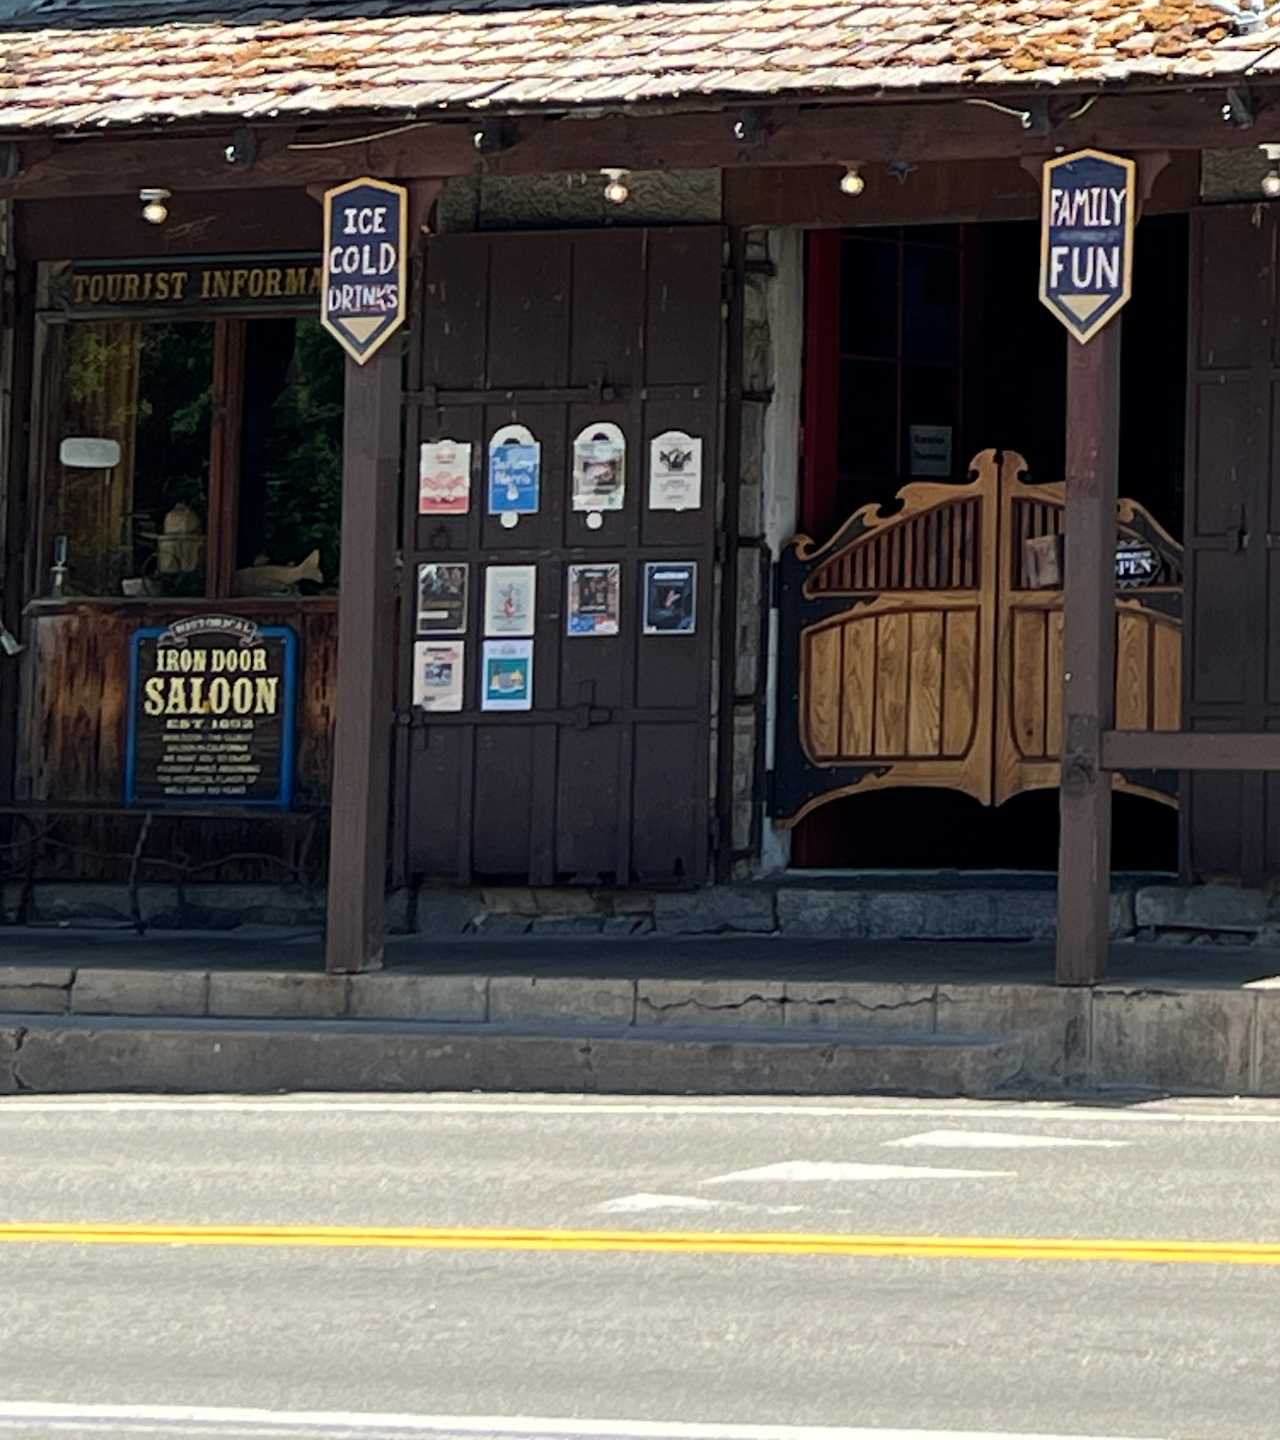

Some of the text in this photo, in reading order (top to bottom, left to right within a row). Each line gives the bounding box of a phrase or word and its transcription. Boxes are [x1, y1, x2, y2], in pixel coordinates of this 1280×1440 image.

[342, 206, 387, 235] ICE
[1050, 186, 1128, 227] FAMILY
[329, 242, 397, 276] COLD
[1049, 246, 1120, 290] FUN
[74, 271, 187, 304] TOURIST
[327, 283, 398, 312] DRINKS
[1114, 558, 1152, 576] PEN
[156, 648, 267, 672] IRON DOOR
[143, 676, 279, 716] SALOON
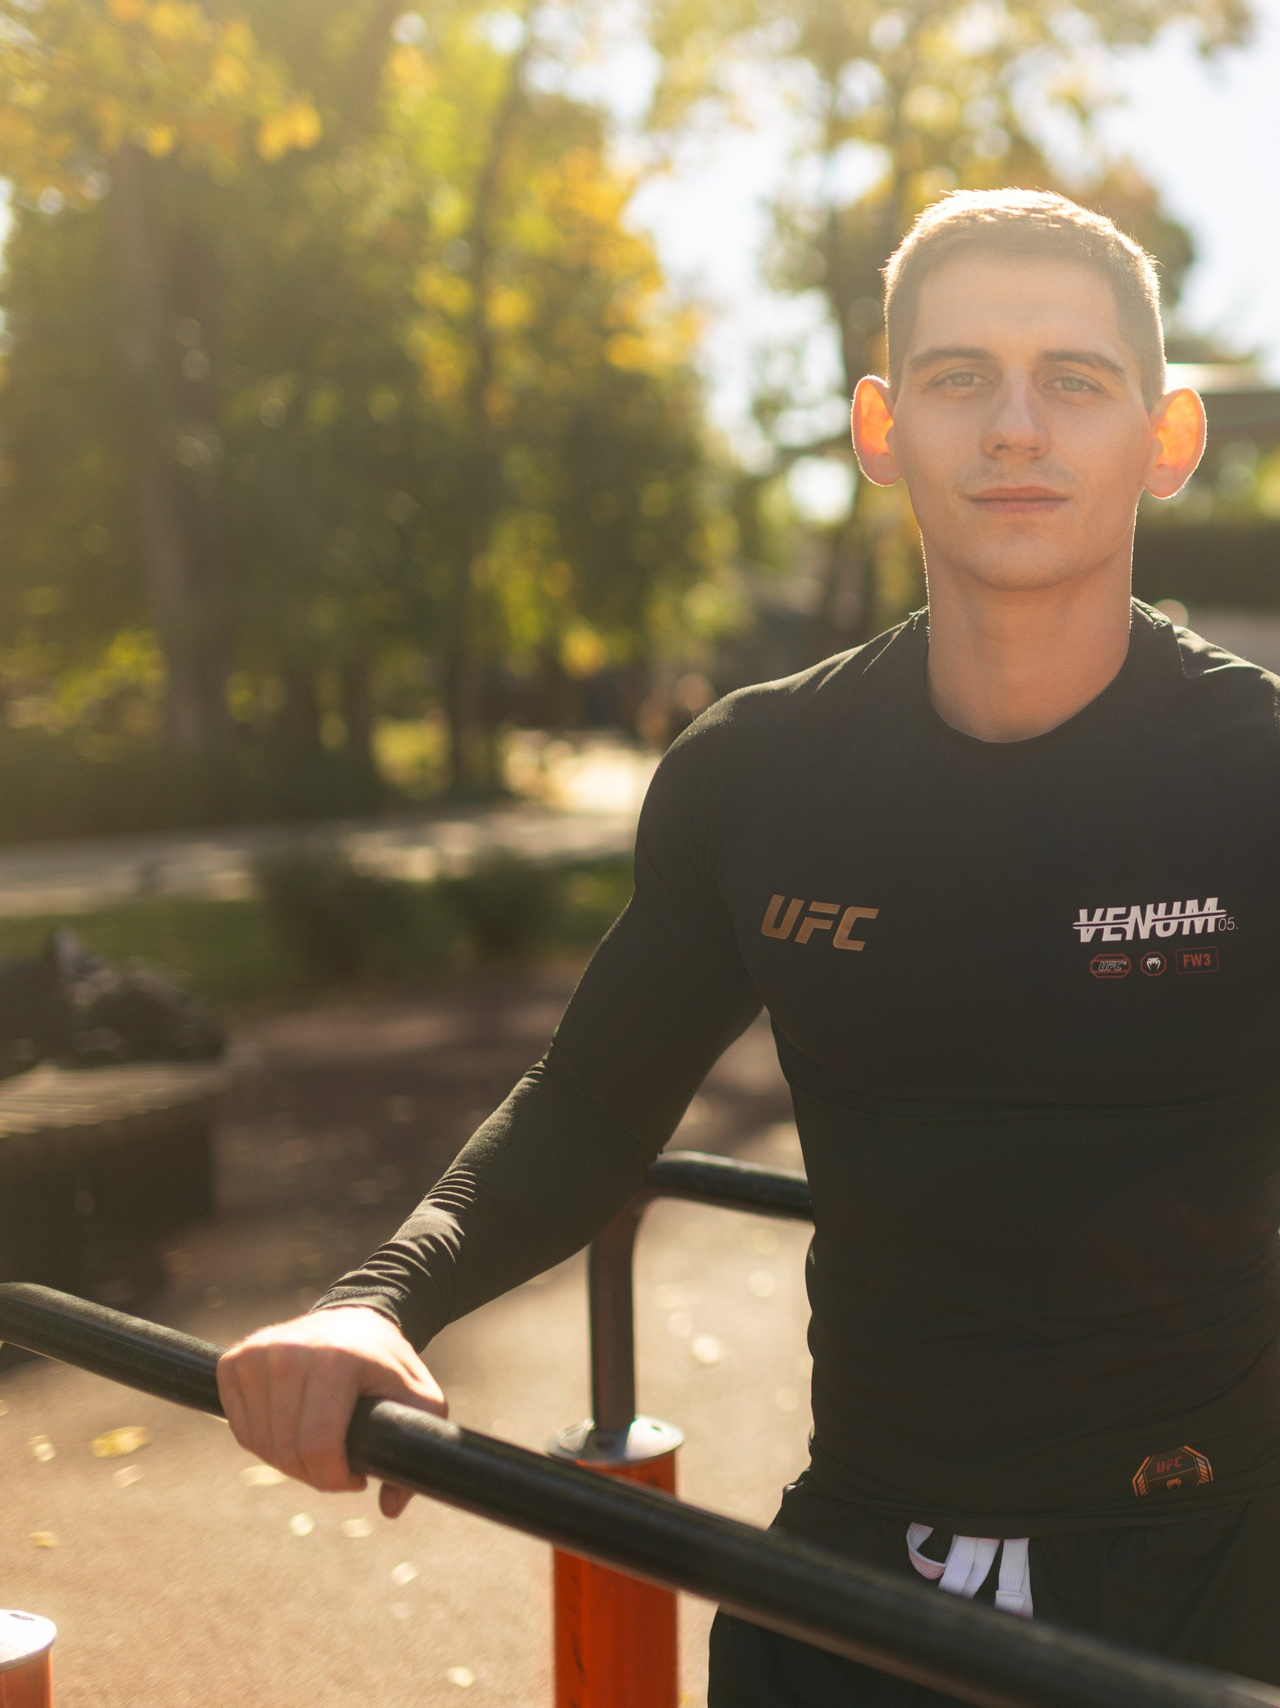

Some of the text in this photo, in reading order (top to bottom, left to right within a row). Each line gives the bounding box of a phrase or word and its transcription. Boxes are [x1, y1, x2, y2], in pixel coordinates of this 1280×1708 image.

[761, 894, 880, 951] UFC
[1073, 897, 1227, 943] VENUM
[1183, 953, 1211, 968] FW3
[1156, 1456, 1183, 1473] UFC
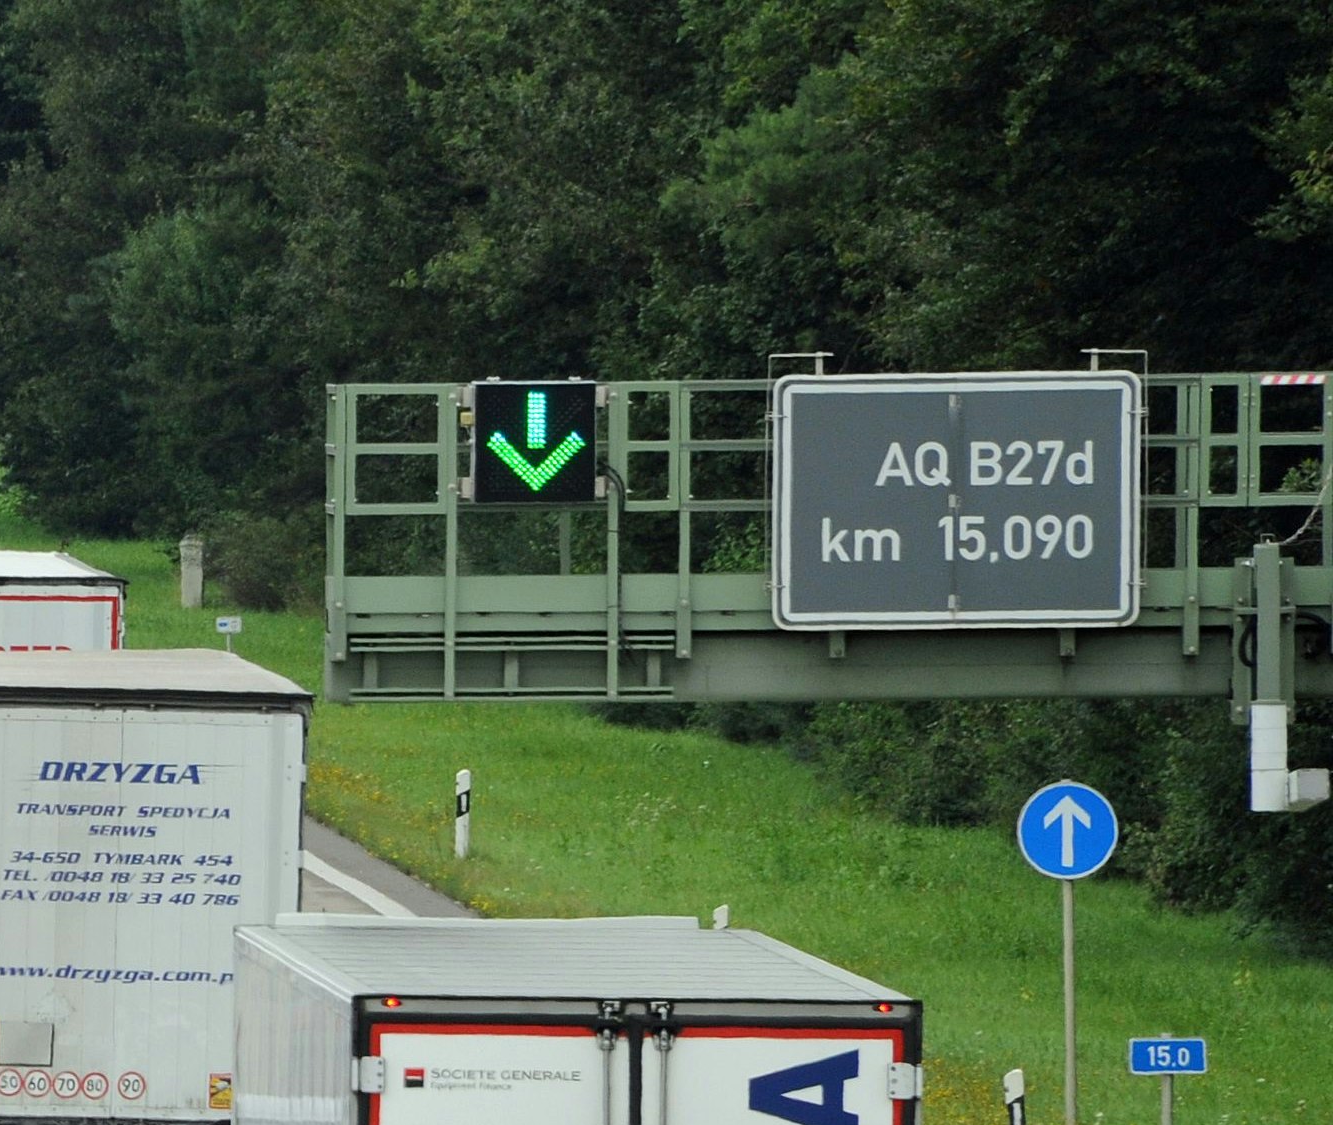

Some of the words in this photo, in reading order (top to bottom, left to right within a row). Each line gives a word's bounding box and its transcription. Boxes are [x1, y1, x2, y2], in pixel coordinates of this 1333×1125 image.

[875, 441, 951, 487] AQ
[970, 440, 1094, 486] B27d
[822, 517, 901, 563] km
[938, 514, 1093, 563] 15,090
[38, 761, 201, 784] DRZYZGA
[16, 803, 128, 818] TRANSPORT
[137, 805, 231, 820] SPEDYCJA
[88, 825, 157, 838] SERWIS
[10, 852, 81, 865] 34-650
[93, 853, 183, 867] TYMBARK
[193, 855, 233, 867] 454
[3, 870, 38, 882] TEL.
[140, 872, 165, 885] 33
[170, 873, 196, 885] 25
[203, 873, 242, 887] 740
[0, 890, 37, 902] FAX
[138, 892, 163, 905] 33
[170, 893, 196, 906] 40
[202, 893, 239, 907] 786
[1147, 1045, 1190, 1067] 15.0
[0, 1075, 18, 1089] 50
[430, 1068, 496, 1081] SOCIETE
[501, 1069, 581, 1082] GENERALE
[27, 1077, 46, 1091] 60
[58, 1078, 75, 1092] 70
[86, 1079, 103, 1092] 80
[121, 1078, 140, 1092] 90
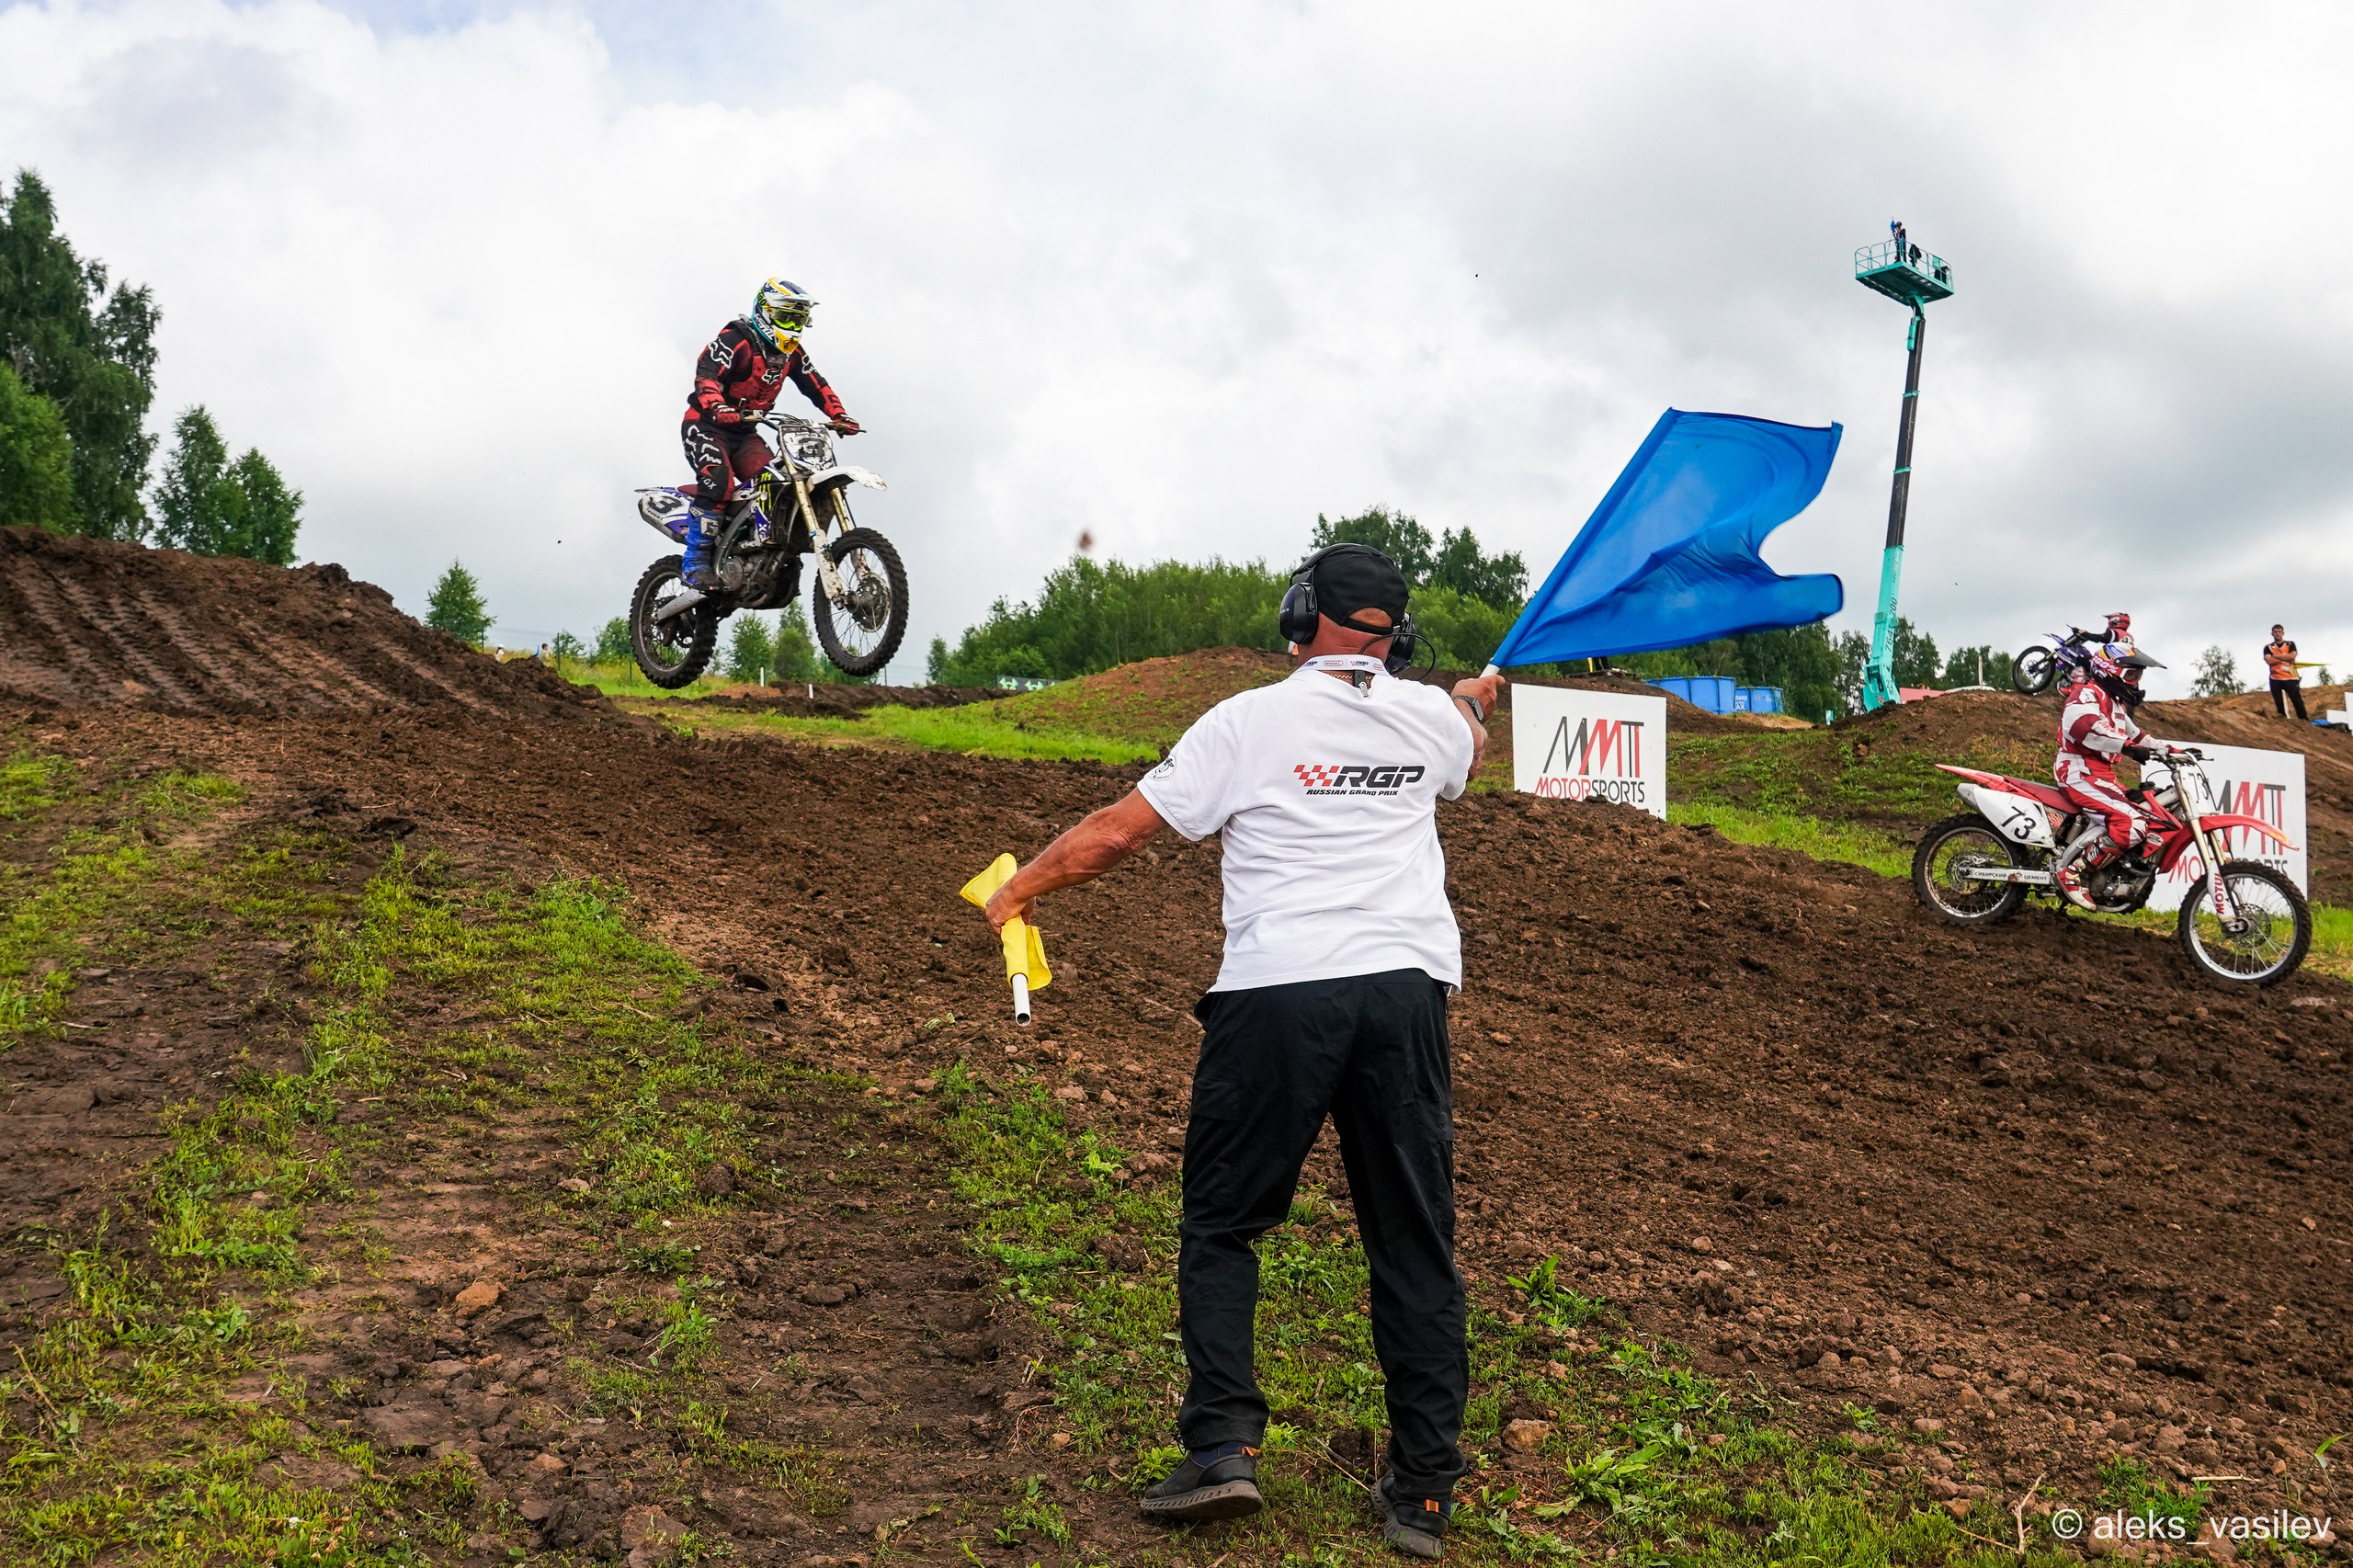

● **Work to be completed**
The copy should hold, exactly, the lines from the one containing "Some of the words" to the final line of the listing above, with both ends present and no pictures.

● **Expected output**
Some of the words in this photo, in reading order (top to bottom, left to right within a row). Each line gives a word's bounding box and its transcription. Boxes are [x1, y1, x2, y2], in pixel coordinates of this 1333×1125 image.

[875, 441, 951, 487] AQ
[970, 440, 1094, 486] B27d
[822, 517, 901, 563] km
[938, 514, 1093, 563] 15,090
[38, 761, 201, 784] DRZYZGA
[16, 803, 128, 818] TRANSPORT
[137, 805, 231, 820] SPEDYCJA
[88, 825, 157, 838] SERWIS
[10, 852, 81, 865] 34-650
[93, 853, 183, 867] TYMBARK
[193, 855, 233, 867] 454
[3, 870, 38, 882] TEL.
[140, 872, 165, 885] 33
[170, 873, 196, 885] 25
[203, 873, 242, 887] 740
[0, 890, 37, 902] FAX
[138, 892, 163, 905] 33
[170, 893, 196, 906] 40
[202, 893, 239, 907] 786
[1147, 1045, 1190, 1067] 15.0
[0, 1075, 18, 1089] 50
[430, 1068, 496, 1081] SOCIETE
[501, 1069, 581, 1082] GENERALE
[27, 1077, 46, 1091] 60
[58, 1078, 75, 1092] 70
[86, 1079, 103, 1092] 80
[121, 1078, 140, 1092] 90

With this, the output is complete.